** What this task involves **
At the line containing "Some of the words", begin repeating lines exactly, and stop only after the final line of the records below.

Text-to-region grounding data
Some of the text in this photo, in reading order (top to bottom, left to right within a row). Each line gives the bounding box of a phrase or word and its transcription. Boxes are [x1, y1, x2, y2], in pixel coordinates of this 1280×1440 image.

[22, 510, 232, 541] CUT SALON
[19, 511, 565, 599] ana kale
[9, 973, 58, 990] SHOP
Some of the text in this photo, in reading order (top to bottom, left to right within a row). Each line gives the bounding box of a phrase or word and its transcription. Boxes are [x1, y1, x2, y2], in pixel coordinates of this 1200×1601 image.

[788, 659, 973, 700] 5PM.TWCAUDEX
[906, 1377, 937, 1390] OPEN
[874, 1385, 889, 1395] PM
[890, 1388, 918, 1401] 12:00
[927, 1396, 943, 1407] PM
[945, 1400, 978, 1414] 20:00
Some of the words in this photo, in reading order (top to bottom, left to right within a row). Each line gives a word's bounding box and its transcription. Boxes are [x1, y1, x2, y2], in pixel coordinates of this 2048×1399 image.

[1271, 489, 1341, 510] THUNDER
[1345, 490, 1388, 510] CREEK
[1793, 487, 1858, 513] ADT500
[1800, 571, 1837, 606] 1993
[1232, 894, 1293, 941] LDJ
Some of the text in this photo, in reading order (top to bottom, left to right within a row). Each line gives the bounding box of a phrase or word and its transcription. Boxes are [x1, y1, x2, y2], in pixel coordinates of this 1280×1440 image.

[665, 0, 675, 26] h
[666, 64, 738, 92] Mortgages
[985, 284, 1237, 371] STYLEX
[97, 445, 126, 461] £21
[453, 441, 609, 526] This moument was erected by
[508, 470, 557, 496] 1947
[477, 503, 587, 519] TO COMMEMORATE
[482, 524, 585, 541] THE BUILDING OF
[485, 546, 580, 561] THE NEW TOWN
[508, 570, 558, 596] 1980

** Result for this exercise **
Some of the words in this photo, in reading order (top to bottom, left to right within a row). Each line gives a word's bounding box and its transcription. Boxes are [x1, y1, x2, y2], in pixel coordinates of this 2048×1399 image.

[1271, 489, 1341, 510] THUNDER
[1345, 490, 1388, 510] CREEK
[1793, 487, 1858, 513] ADT500
[1800, 571, 1837, 606] 1993
[1232, 894, 1293, 941] LDJ
Some of the text in this photo, in reading order (top to bottom, left to right within a row). Each line gives the bounding box of a phrase or word and its transcription. Boxes are [x1, y1, x2, y2], in pixel coordinates of this 1280×1440 image.

[665, 0, 675, 26] h
[666, 64, 738, 92] Mortgages
[985, 284, 1237, 371] STYLEX
[97, 445, 126, 461] £21
[453, 441, 609, 526] This moument was erected by
[508, 470, 557, 496] 1947
[477, 503, 587, 519] TO COMMEMORATE
[482, 524, 585, 541] THE BUILDING OF
[485, 546, 580, 561] THE NEW TOWN
[508, 570, 558, 596] 1980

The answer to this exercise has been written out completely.